The company that popularised ‘surge pricing’ has been cautious about optimising its IPO price
To begin with, it has essentially discounted lofty valuations bandied about in the years leading up to its share sale. Talk was that the shares, which ‘priced’ in the institutional part of its IPO last night, would garner a market value as high as $120bn. That hype came as banks hoping for a hefty slice of the biggest Wall Street equity deal in years jockeyed for position. Since then, and one IPO road show later, price talk has decelerated ahead of the start of active trading on Friday.
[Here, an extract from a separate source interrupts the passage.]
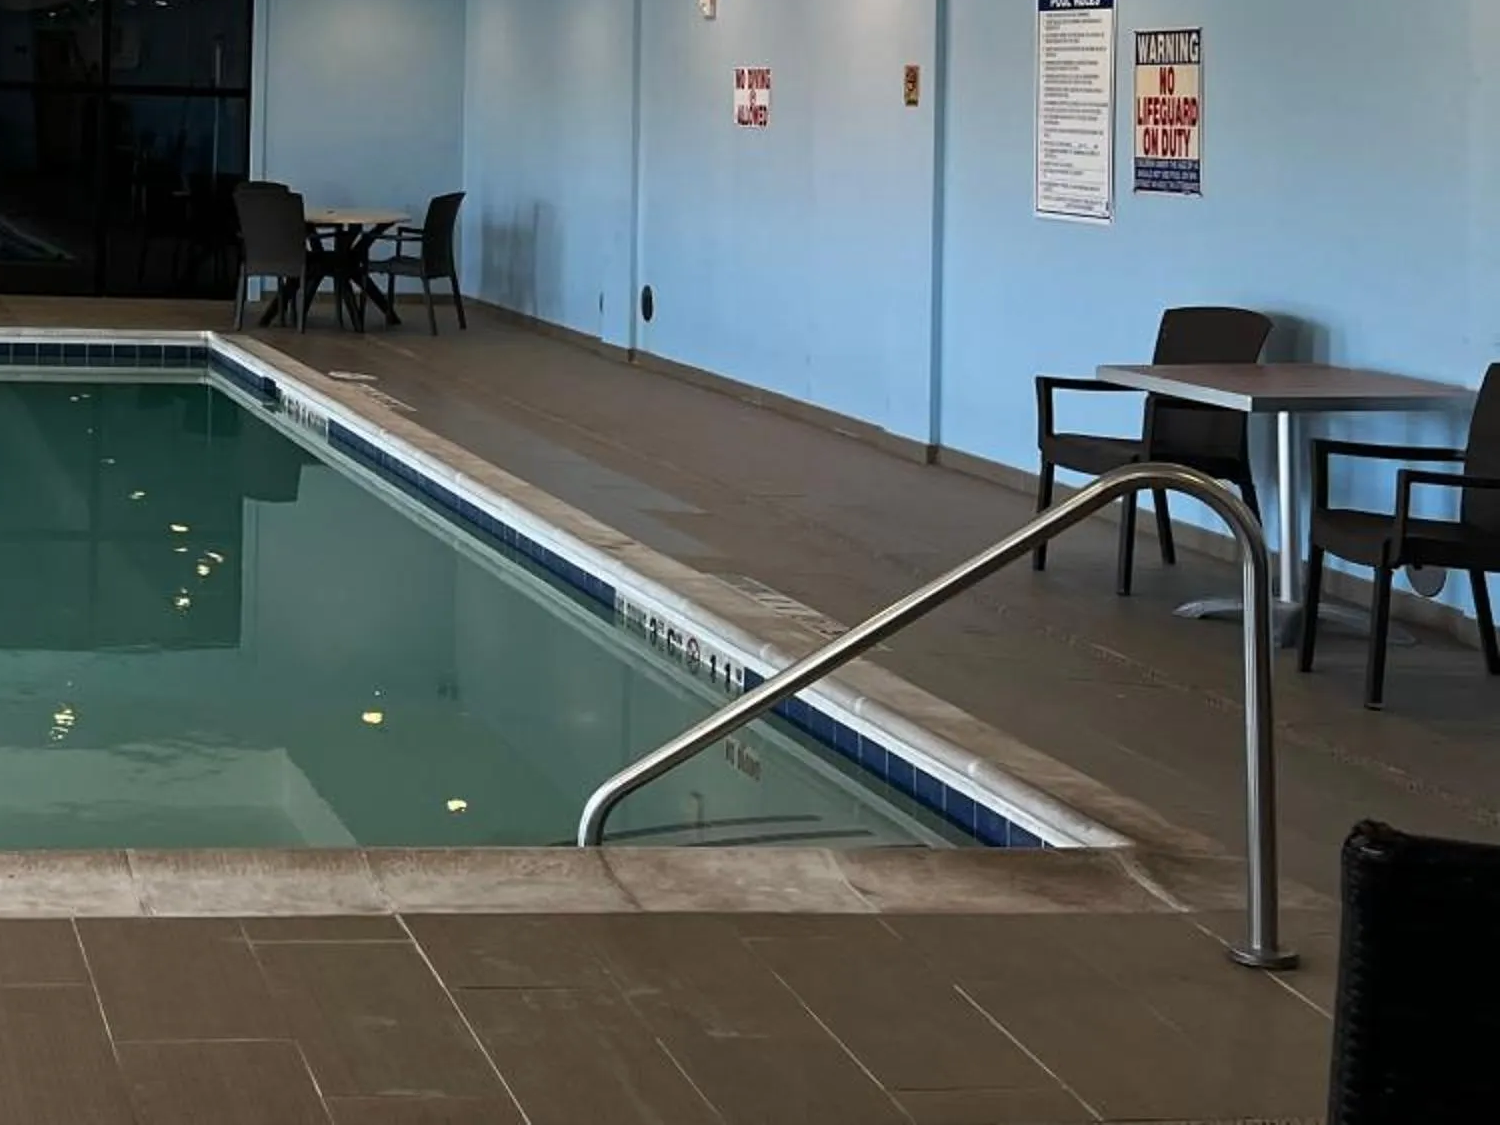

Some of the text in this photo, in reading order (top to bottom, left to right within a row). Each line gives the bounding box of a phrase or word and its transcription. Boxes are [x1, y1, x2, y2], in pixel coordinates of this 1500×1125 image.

As recently as April, bookrunners were mooting a range of $48-$55 per share, for a total Uber valuation of about $100bn, already a hefty reduction compared to earlier projections. Coinciding with the beginning of Uber’s roadshow and following the fate of rival Lyft, which trades over 20% below its launch price, a second Uber price range cut was telling. Neither underwriters nor Uber addressed the reduction to $44-$50 directly. But as a ‘strategic’ discount, it looked like a smart move. The IPO was reportedly three times oversubscribed by this week.
Yet persistent feedback points to the lower end of the latest range, telegraphing higher investor caution than Uber may have anticipated. That’s not quite square with briefings that pegged its opening price between the middle and the top of the $44-$50 band. If achieved, those prices would be resilient amid a market wrong-footed this week by U.S. President Donald Trump’s shock decision to raise tariffs on China again.
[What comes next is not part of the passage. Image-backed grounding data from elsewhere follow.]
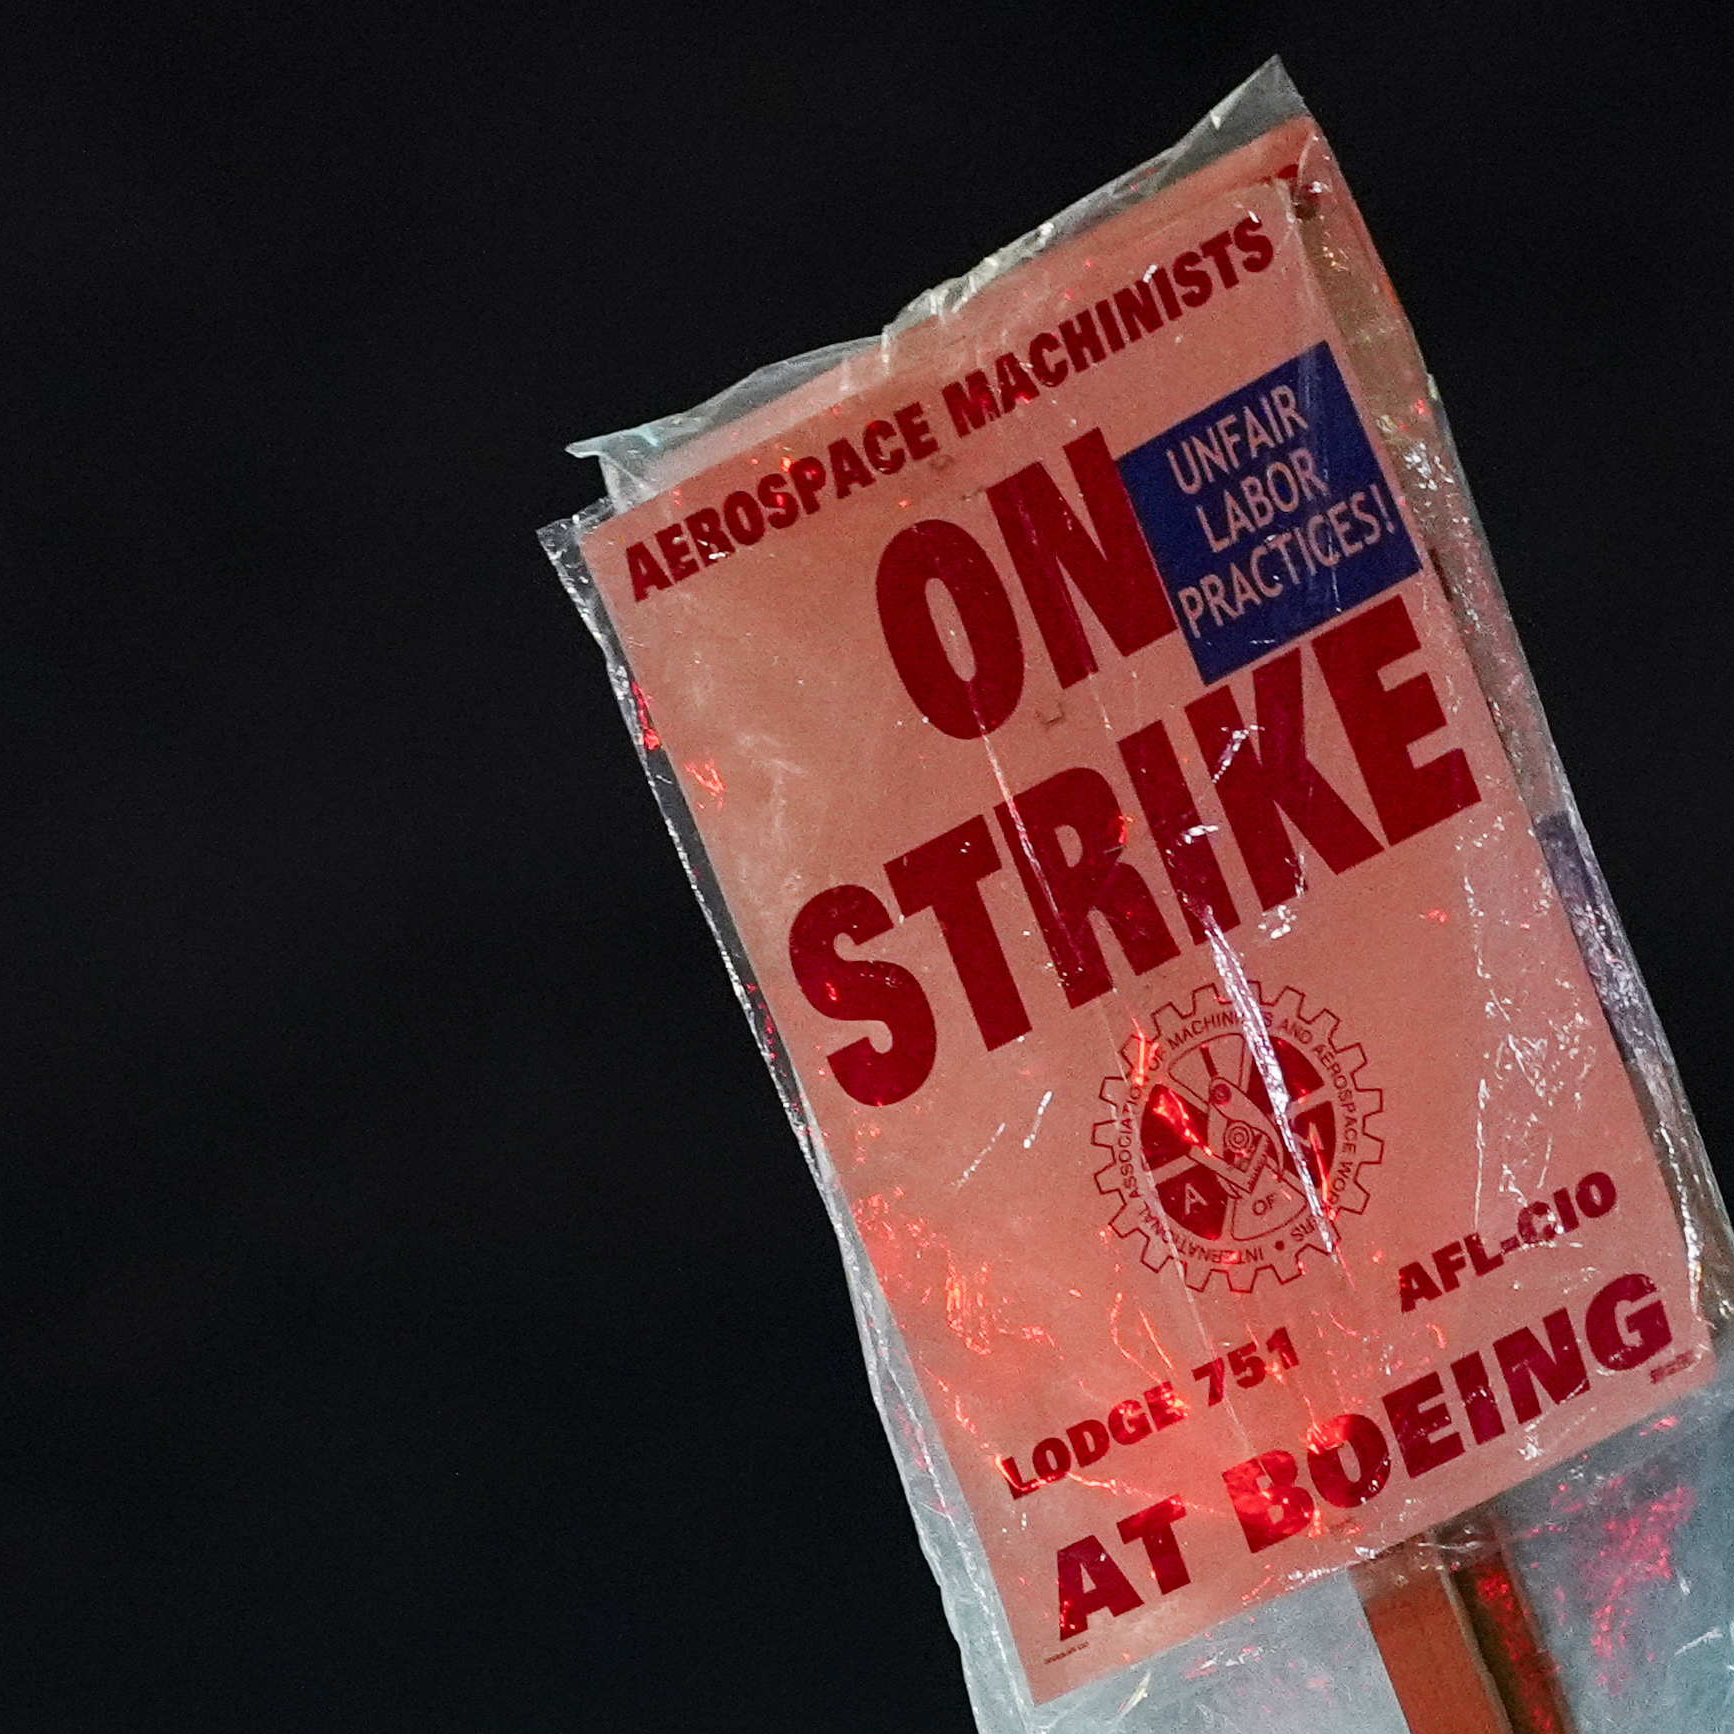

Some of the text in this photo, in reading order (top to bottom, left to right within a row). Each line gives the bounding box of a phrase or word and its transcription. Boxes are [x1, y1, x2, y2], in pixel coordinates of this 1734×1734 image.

[624, 214, 1275, 603] AEROSPACE MACHINISTS
[1166, 384, 1309, 496] UNFAIR
[1177, 484, 1396, 639] PRACTICES!
[1196, 447, 1331, 553] LABOR
[875, 426, 1178, 740] ON
[788, 595, 1483, 1107] STRIKE
[1117, 1078, 1143, 1199] ASSOCIATIO
[1279, 1017, 1314, 1045] AND
[1311, 1043, 1358, 1156] AEROSPACE
[1183, 1182, 1210, 1215] A
[1252, 1190, 1278, 1217] OF
[1398, 1171, 1618, 1313] AFL-CIO
[1001, 1326, 1300, 1500] LODGE 751
[1055, 1273, 1673, 1642] AT BOEING
Despite inopportune timing, there’s been no signal from Uber that it has considered pulling the IPO. It also revealed the settlement of most lawsuits in a class action by 12,051 drivers claiming to have been misclassified as independent contractors. Filings show the cost will be $164m-$170m.
A nervy stock market, ambivalent investors, and reminders of well-flagged but unpredictable valuation, growth, regulatory and legal headwinds should all skim some froth off Friday’s launch. There’s no accounting for FOMO though, particularly at Uber’s first trading session. FOMO also applies to bigger participants like banks, funds and wealthy investors. The IPO pipeline shows signs of a post-Uber lull, according to data from Bloomberg charted below, despite decent indications of further big tech stock launches this year. FOMO-driven demand could yet drive Uber shares well above lowered expectations.